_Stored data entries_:
^^^^^^^^^^^^^^^^

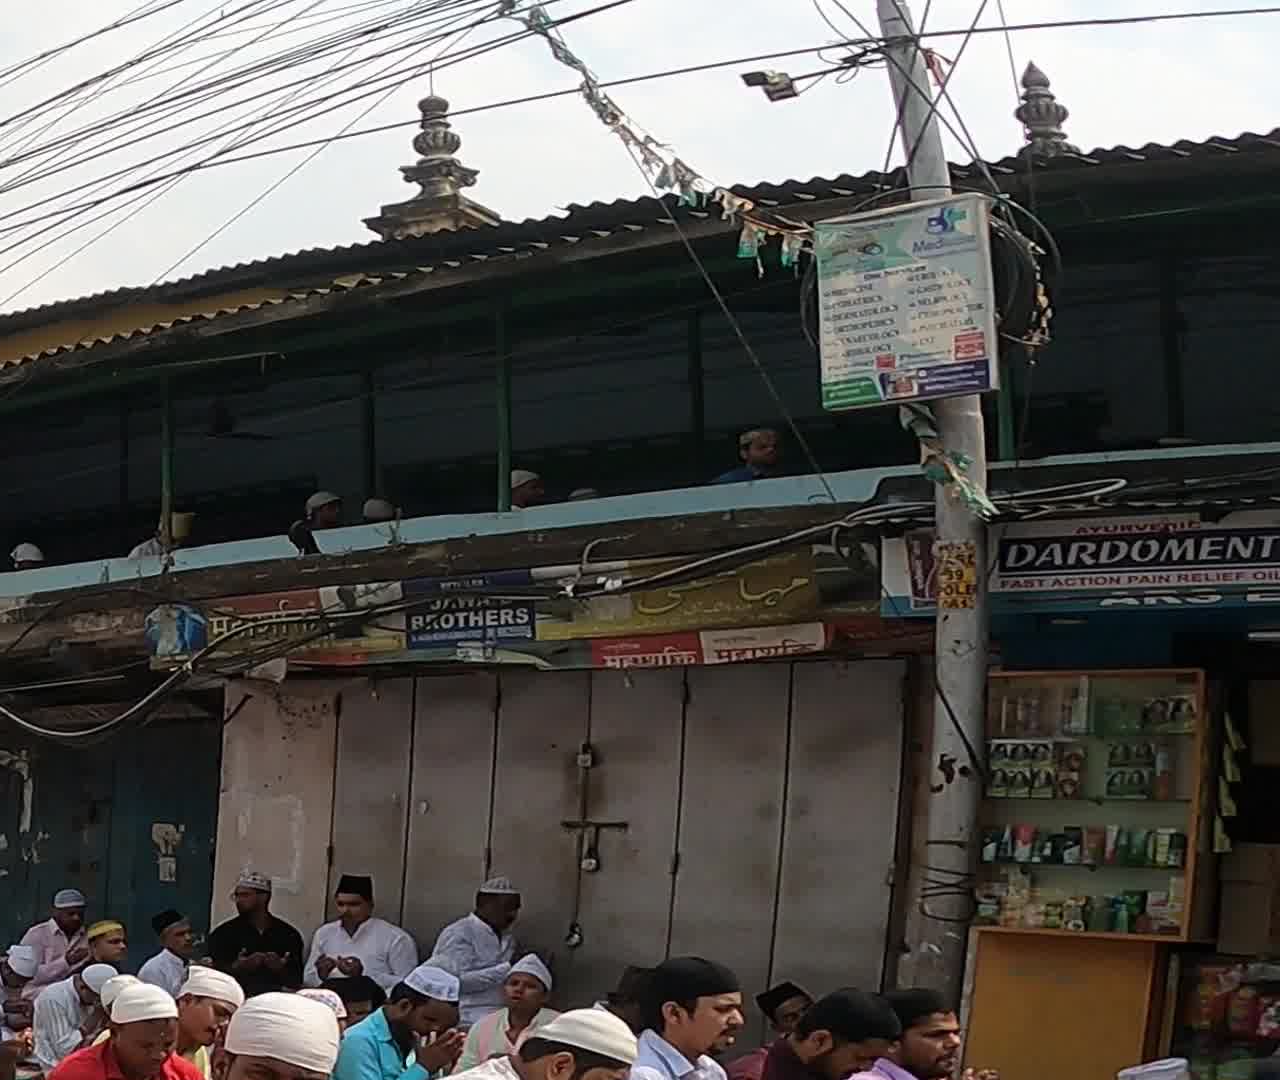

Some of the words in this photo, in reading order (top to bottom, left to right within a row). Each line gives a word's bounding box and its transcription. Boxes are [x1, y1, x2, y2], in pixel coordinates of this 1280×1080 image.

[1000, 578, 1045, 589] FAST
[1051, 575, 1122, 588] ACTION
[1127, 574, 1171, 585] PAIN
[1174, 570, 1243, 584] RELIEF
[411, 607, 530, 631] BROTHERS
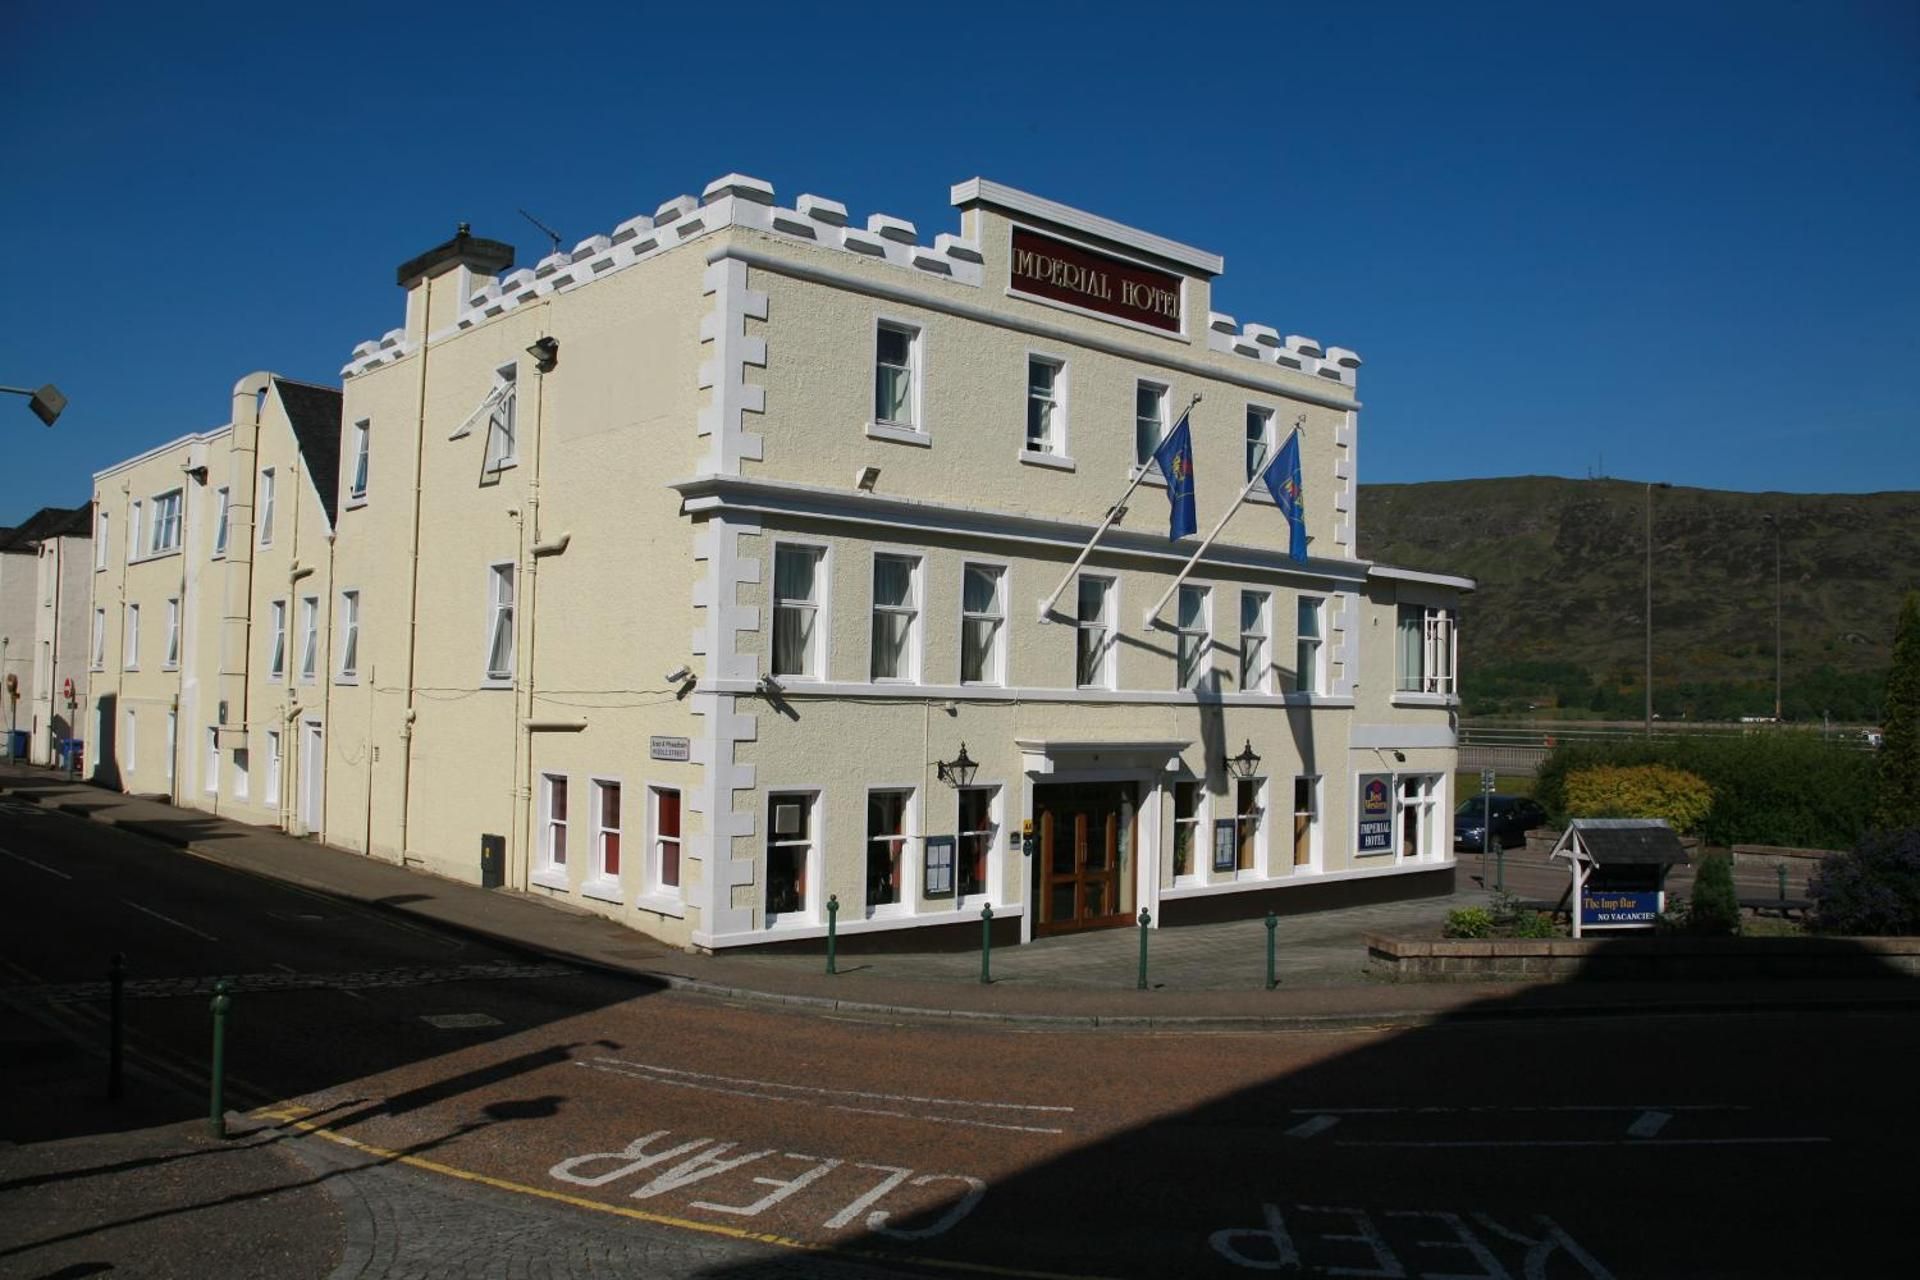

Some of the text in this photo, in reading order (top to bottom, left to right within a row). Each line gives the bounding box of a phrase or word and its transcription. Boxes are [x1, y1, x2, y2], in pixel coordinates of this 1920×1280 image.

^^^^^^^^^^^^^^^^

Print every line above once more, exactly. Omit the pictures.

Some of the words in this photo, in reading order (top to bottom, left to right within a row). Each line gives a word's bounding box and its transcription. Boxes are [x1, y1, x2, y2], in pixel coordinates of this 1280×1080 image.

[1000, 578, 1045, 589] FAST
[1051, 575, 1122, 588] ACTION
[1127, 574, 1171, 585] PAIN
[1174, 570, 1243, 584] RELIEF
[411, 607, 530, 631] BROTHERS

Some of the text in this photo, in reading order (top to bottom, left to right within a row). Each line gives the bounding box of a phrase or word and its transcription. Boxes are [x1, y1, x2, y2], in pixel coordinates of this 1920×1280 image.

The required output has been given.